== DATA EXTRACTS ==
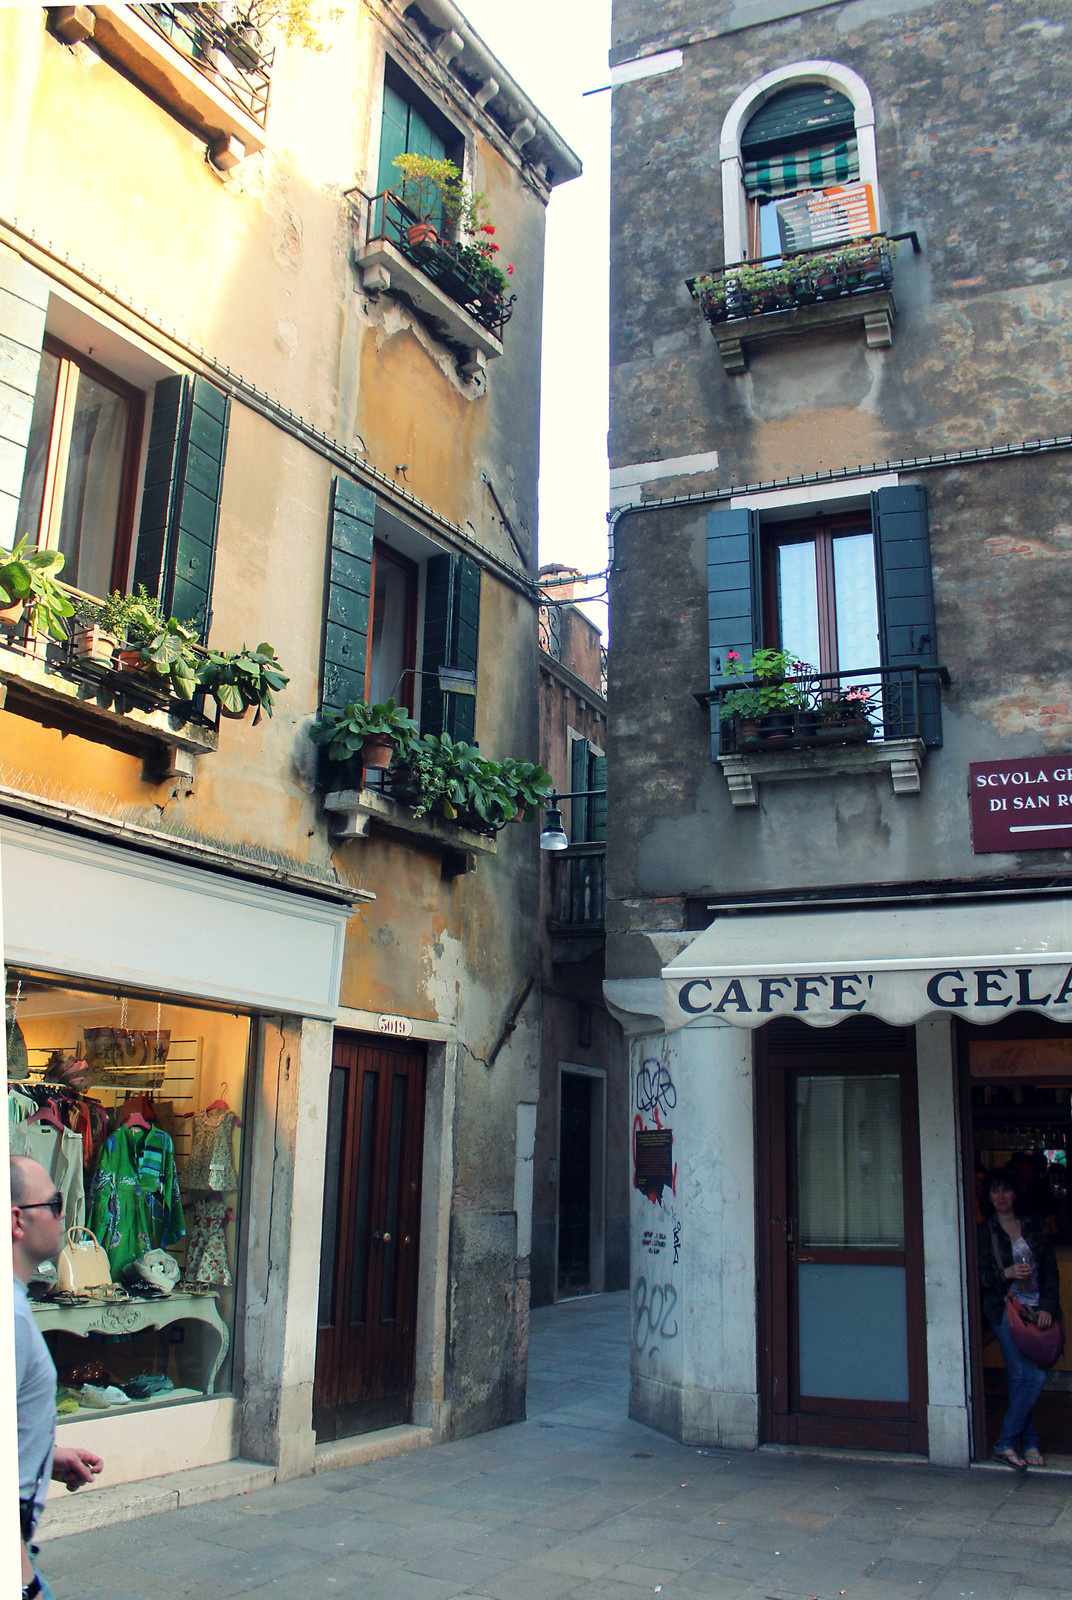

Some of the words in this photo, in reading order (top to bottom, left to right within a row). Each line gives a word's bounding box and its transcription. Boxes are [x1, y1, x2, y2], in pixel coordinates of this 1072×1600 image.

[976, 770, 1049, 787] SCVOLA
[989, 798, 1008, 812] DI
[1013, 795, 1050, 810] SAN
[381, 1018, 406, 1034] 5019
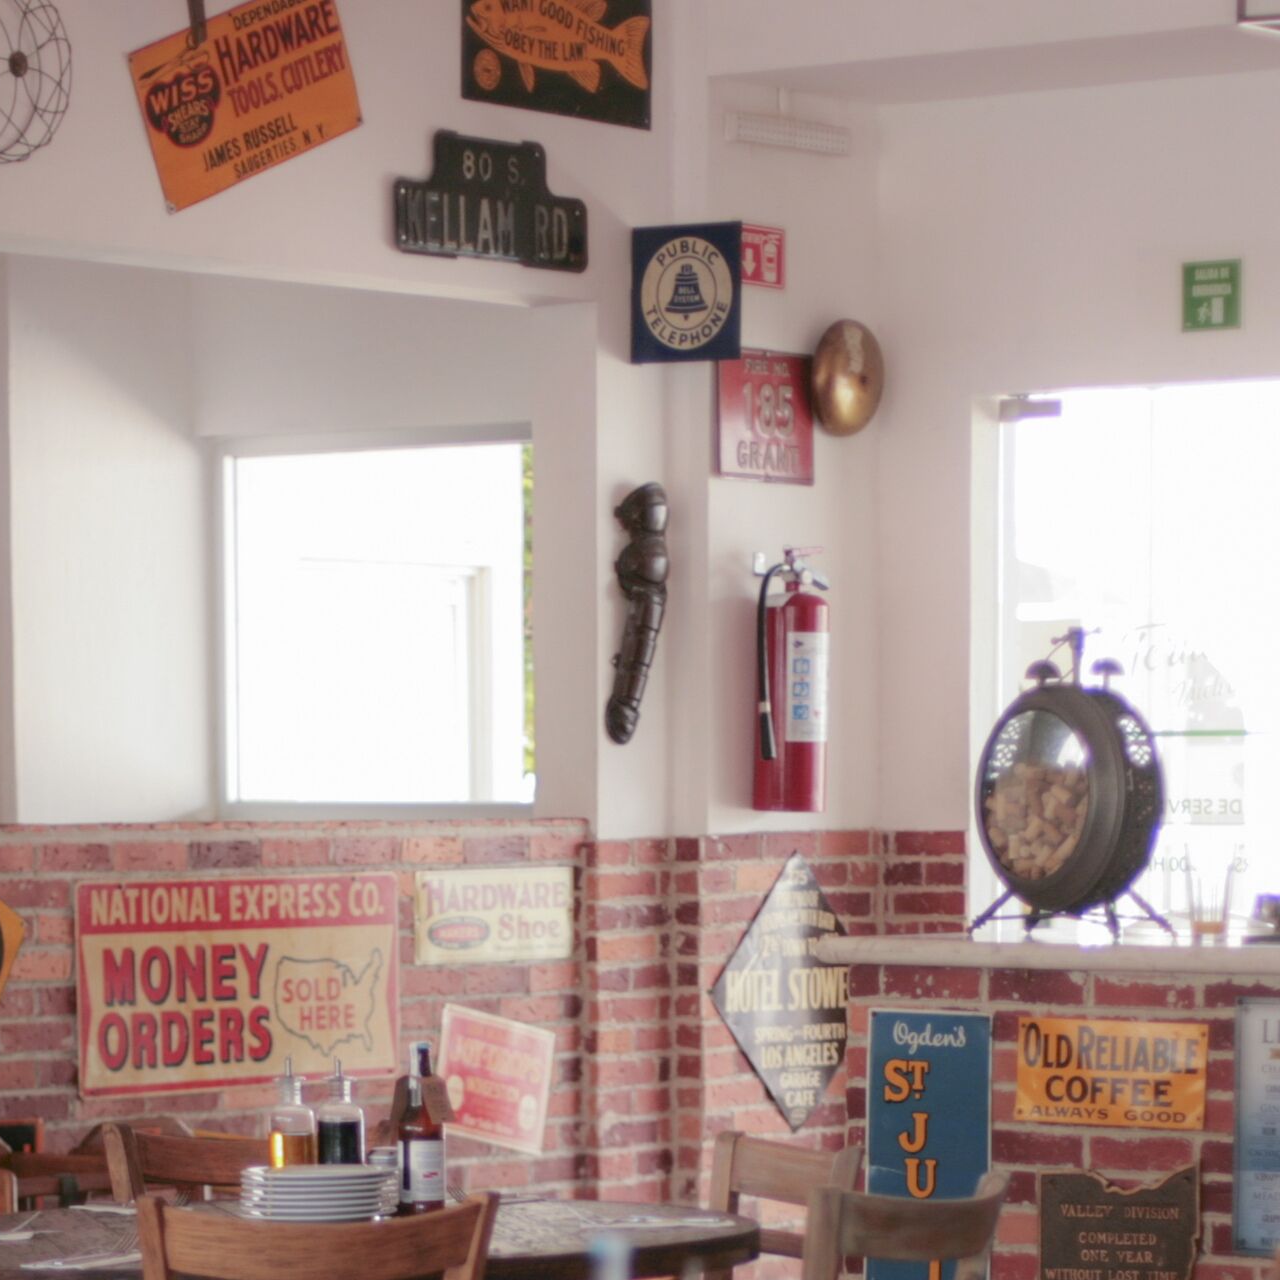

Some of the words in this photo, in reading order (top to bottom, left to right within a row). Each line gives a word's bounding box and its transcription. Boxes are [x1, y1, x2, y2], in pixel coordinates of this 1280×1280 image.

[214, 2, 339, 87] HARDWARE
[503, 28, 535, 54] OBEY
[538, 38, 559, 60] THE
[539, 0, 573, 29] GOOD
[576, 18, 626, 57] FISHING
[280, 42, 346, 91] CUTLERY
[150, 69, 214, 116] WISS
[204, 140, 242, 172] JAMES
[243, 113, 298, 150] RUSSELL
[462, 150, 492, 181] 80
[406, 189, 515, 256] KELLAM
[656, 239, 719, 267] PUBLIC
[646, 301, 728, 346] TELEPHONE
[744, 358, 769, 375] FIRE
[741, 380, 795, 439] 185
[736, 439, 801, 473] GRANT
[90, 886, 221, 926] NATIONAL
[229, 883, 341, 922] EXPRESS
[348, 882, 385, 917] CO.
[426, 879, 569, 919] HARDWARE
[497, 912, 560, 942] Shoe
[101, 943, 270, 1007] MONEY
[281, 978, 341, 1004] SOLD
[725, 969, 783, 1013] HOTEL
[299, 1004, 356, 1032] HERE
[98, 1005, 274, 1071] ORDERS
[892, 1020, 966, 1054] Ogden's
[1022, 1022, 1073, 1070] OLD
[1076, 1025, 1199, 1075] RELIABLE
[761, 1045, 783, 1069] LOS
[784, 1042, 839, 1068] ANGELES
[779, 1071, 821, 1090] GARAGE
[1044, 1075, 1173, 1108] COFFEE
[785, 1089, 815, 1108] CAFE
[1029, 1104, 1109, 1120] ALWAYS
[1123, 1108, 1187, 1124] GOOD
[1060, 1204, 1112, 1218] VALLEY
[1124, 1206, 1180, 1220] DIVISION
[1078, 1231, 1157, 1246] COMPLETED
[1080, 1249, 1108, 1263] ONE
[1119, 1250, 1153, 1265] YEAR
===
## WHAT NEEDS TO BE DONE:
Word for word, give the entries above again, with no images included.

## ANSWER TO THIS EXERCISE:
Some of the words in this photo, in reading order (top to bottom, left to right within a row). Each line gives a word's bounding box and its transcription. Boxes are [x1, y1, x2, y2], in pixel coordinates of this 1072×1600 image.

[976, 770, 1049, 787] SCVOLA
[989, 798, 1008, 812] DI
[1013, 795, 1050, 810] SAN
[381, 1018, 406, 1034] 5019

Some of the words in this photo, in reading order (top to bottom, left to right within a row). Each line gives a word's bounding box and its transcription. Boxes are [x1, y1, x2, y2], in pixel coordinates of this 1280×1280 image.

[214, 2, 339, 87] HARDWARE
[503, 28, 535, 54] OBEY
[538, 38, 559, 60] THE
[539, 0, 573, 29] GOOD
[576, 18, 626, 57] FISHING
[280, 42, 346, 91] CUTLERY
[150, 69, 214, 116] WISS
[204, 140, 242, 172] JAMES
[243, 113, 298, 150] RUSSELL
[462, 150, 492, 181] 80
[406, 189, 515, 256] KELLAM
[656, 239, 719, 267] PUBLIC
[646, 301, 728, 346] TELEPHONE
[744, 358, 769, 375] FIRE
[741, 380, 795, 439] 185
[736, 439, 801, 473] GRANT
[90, 886, 221, 926] NATIONAL
[229, 883, 341, 922] EXPRESS
[348, 882, 385, 917] CO.
[426, 879, 569, 919] HARDWARE
[497, 912, 560, 942] Shoe
[101, 943, 270, 1007] MONEY
[281, 978, 341, 1004] SOLD
[725, 969, 783, 1013] HOTEL
[299, 1004, 356, 1032] HERE
[98, 1005, 274, 1071] ORDERS
[892, 1020, 966, 1054] Ogden's
[1022, 1022, 1073, 1070] OLD
[1076, 1025, 1199, 1075] RELIABLE
[761, 1045, 783, 1069] LOS
[784, 1042, 839, 1068] ANGELES
[779, 1071, 821, 1090] GARAGE
[1044, 1075, 1173, 1108] COFFEE
[785, 1089, 815, 1108] CAFE
[1029, 1104, 1109, 1120] ALWAYS
[1123, 1108, 1187, 1124] GOOD
[1060, 1204, 1112, 1218] VALLEY
[1124, 1206, 1180, 1220] DIVISION
[1078, 1231, 1157, 1246] COMPLETED
[1080, 1249, 1108, 1263] ONE
[1119, 1250, 1153, 1265] YEAR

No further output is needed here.